GIVEN DATA -
* * * * * * *
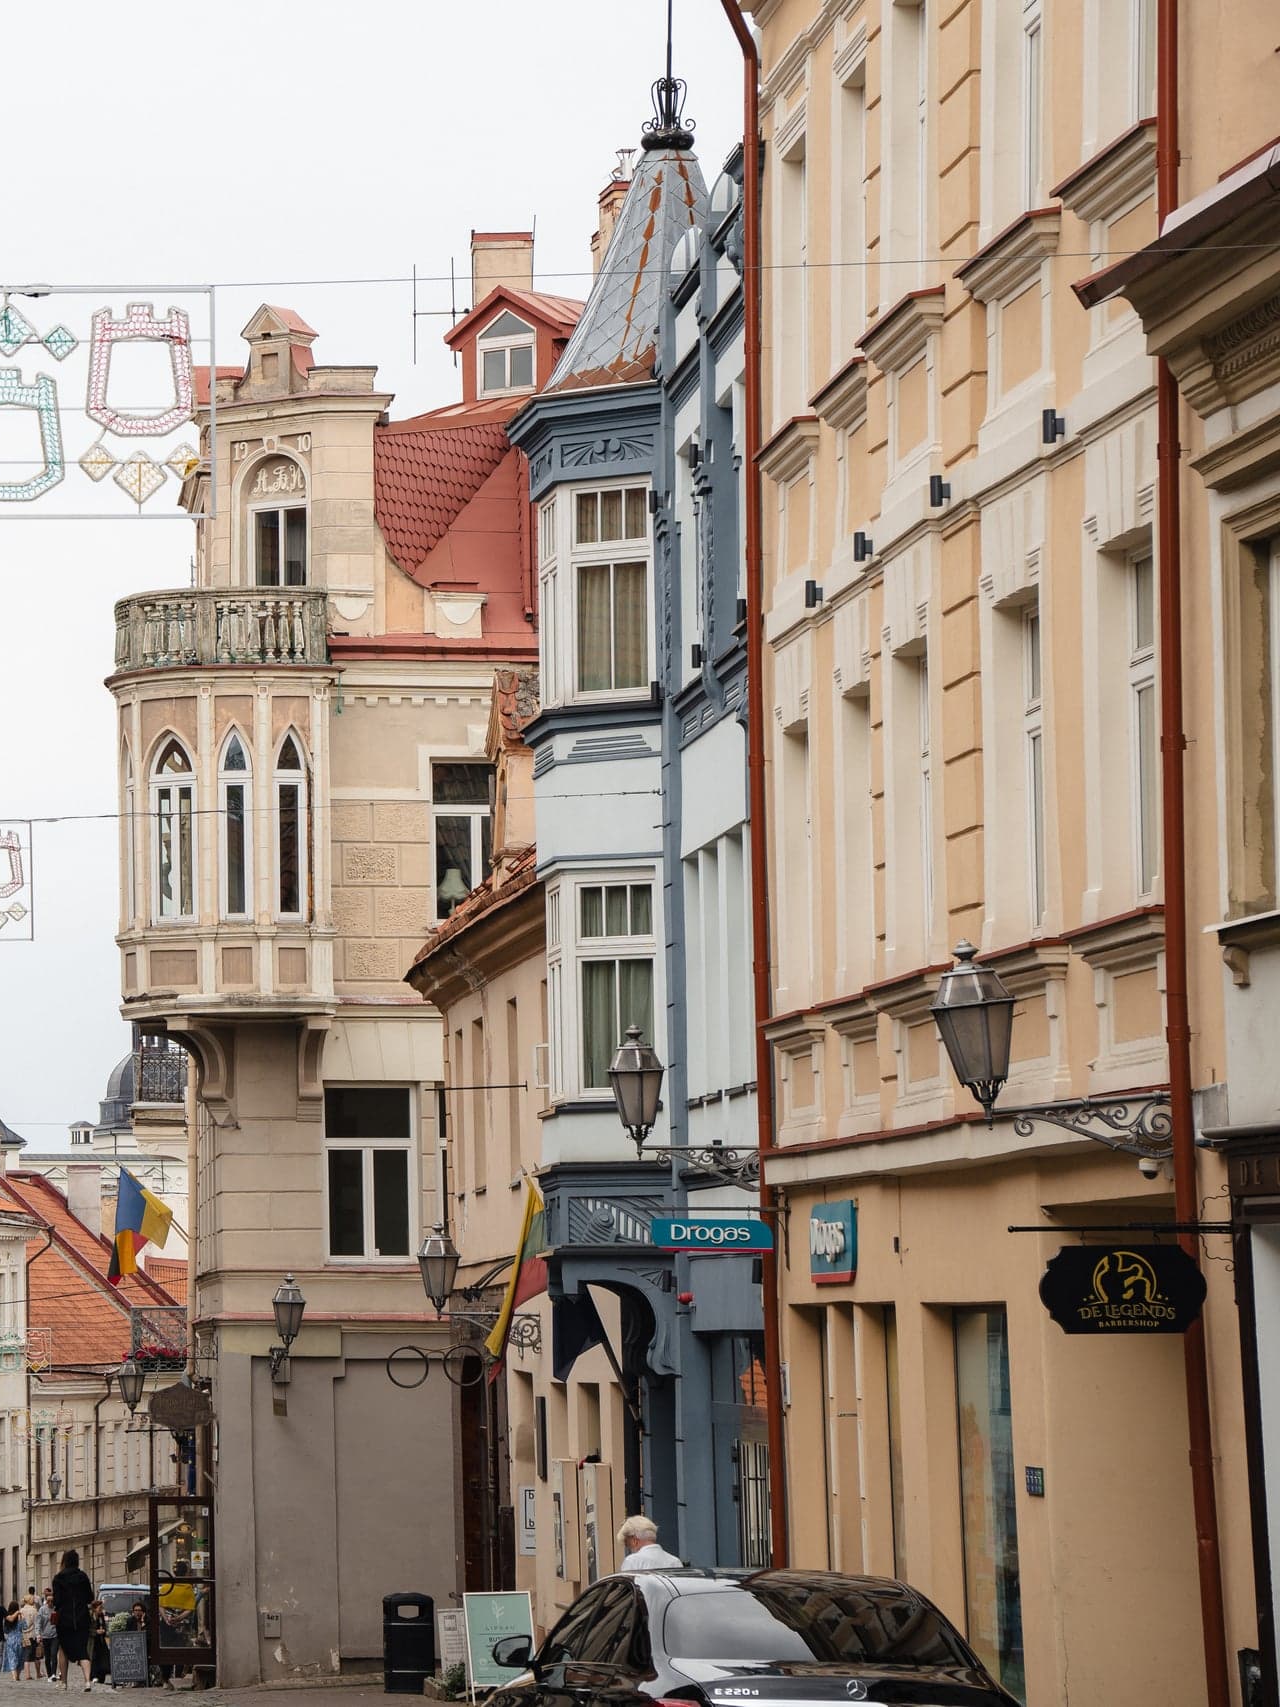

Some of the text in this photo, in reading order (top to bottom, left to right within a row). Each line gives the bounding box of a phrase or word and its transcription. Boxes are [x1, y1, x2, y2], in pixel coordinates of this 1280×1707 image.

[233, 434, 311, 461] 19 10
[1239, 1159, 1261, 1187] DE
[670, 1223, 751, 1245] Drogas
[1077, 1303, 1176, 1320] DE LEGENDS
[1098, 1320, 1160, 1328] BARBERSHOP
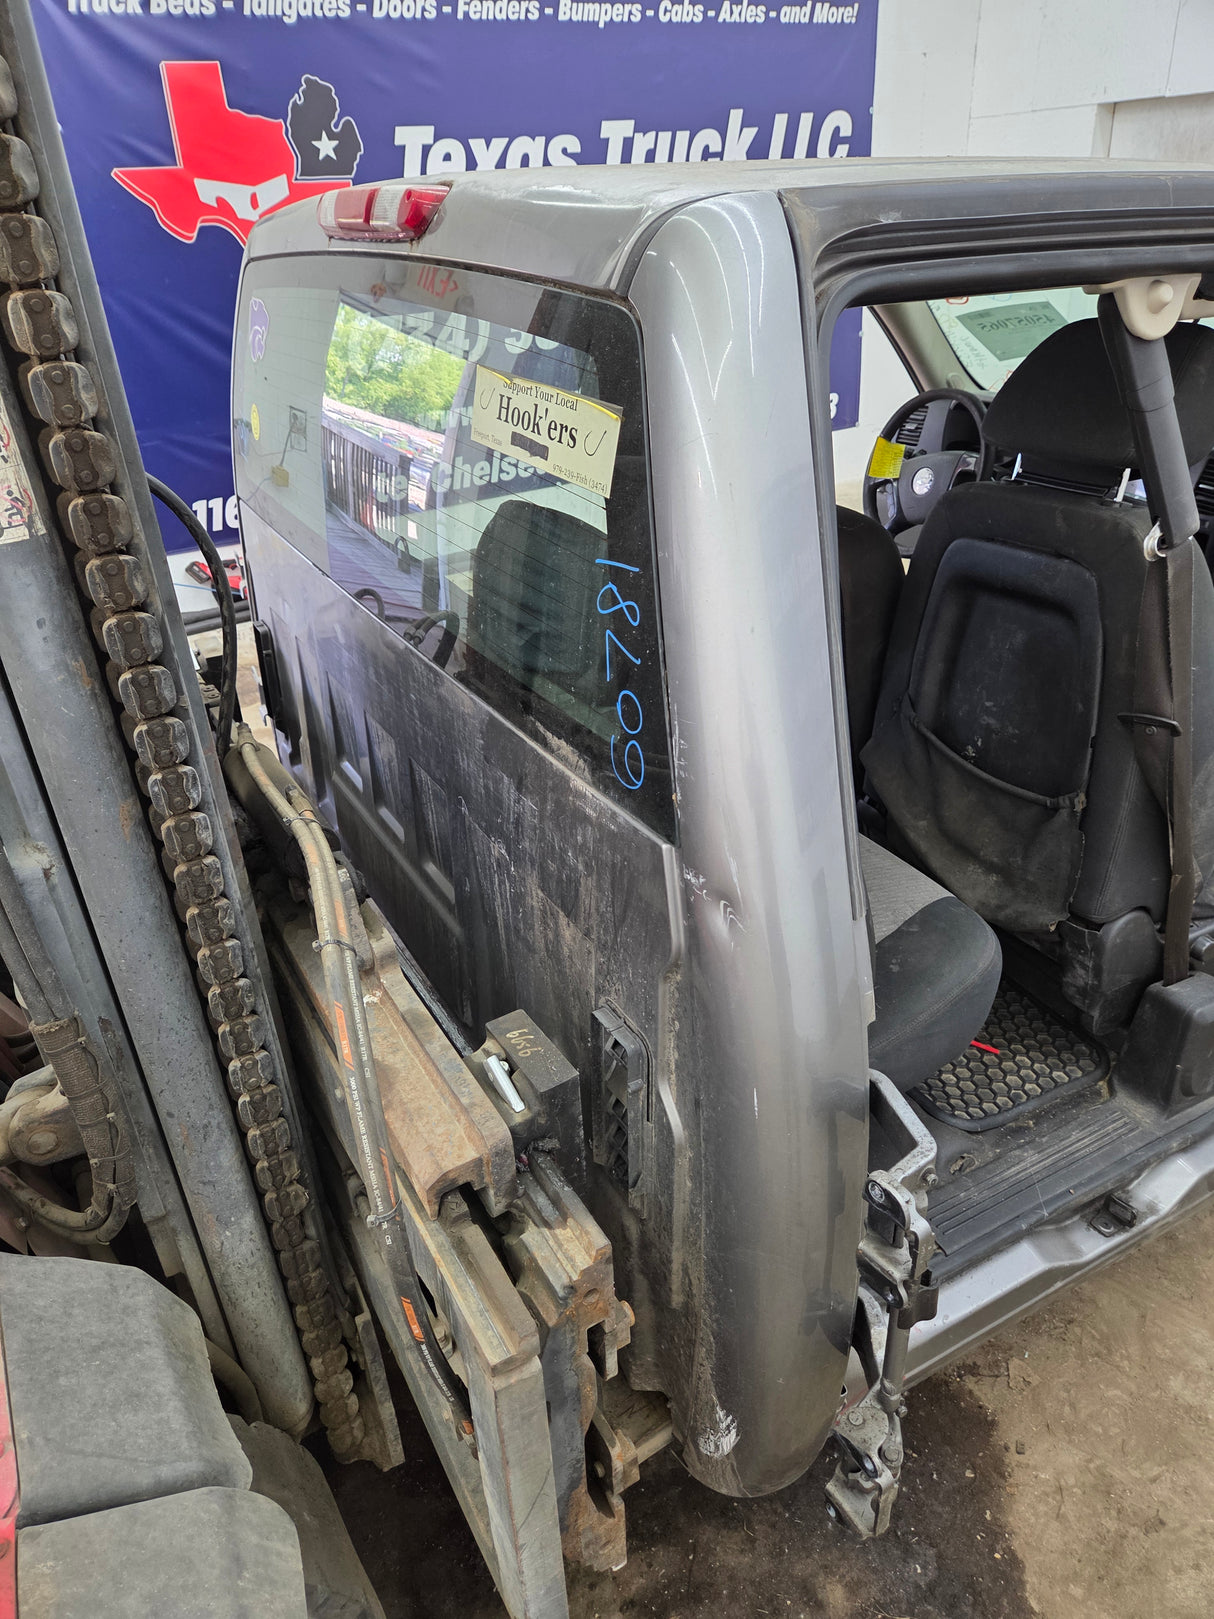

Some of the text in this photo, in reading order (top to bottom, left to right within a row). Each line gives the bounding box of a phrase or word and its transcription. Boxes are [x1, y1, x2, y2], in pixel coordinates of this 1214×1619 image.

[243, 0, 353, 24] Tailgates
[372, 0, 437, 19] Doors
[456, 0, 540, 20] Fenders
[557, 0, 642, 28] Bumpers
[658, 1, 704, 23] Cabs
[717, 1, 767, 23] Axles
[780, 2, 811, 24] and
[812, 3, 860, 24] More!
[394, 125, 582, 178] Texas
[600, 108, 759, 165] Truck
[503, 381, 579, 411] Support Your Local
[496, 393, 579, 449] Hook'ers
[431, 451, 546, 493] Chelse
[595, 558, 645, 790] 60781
* * * * * * *
WORK ITEM - Taking the line with "this 1214×1619 image." as the start and the last line of the data above as the end, write out those two lines and every line between them exactly, and only those.

YOUR RESPONSE -
Some of the text in this photo, in reading order (top to bottom, left to right within a row). Each line gives the bounding box of a phrase or word and its transcription. Boxes are [x1, y1, x2, y2], in pixel coordinates of this 1214×1619 image.

[243, 0, 353, 24] Tailgates
[372, 0, 437, 19] Doors
[456, 0, 540, 20] Fenders
[557, 0, 642, 28] Bumpers
[658, 1, 704, 23] Cabs
[717, 1, 767, 23] Axles
[780, 2, 811, 24] and
[812, 3, 860, 24] More!
[394, 125, 582, 178] Texas
[600, 108, 759, 165] Truck
[503, 381, 579, 411] Support Your Local
[496, 393, 579, 449] Hook'ers
[431, 451, 546, 493] Chelse
[595, 558, 645, 790] 60781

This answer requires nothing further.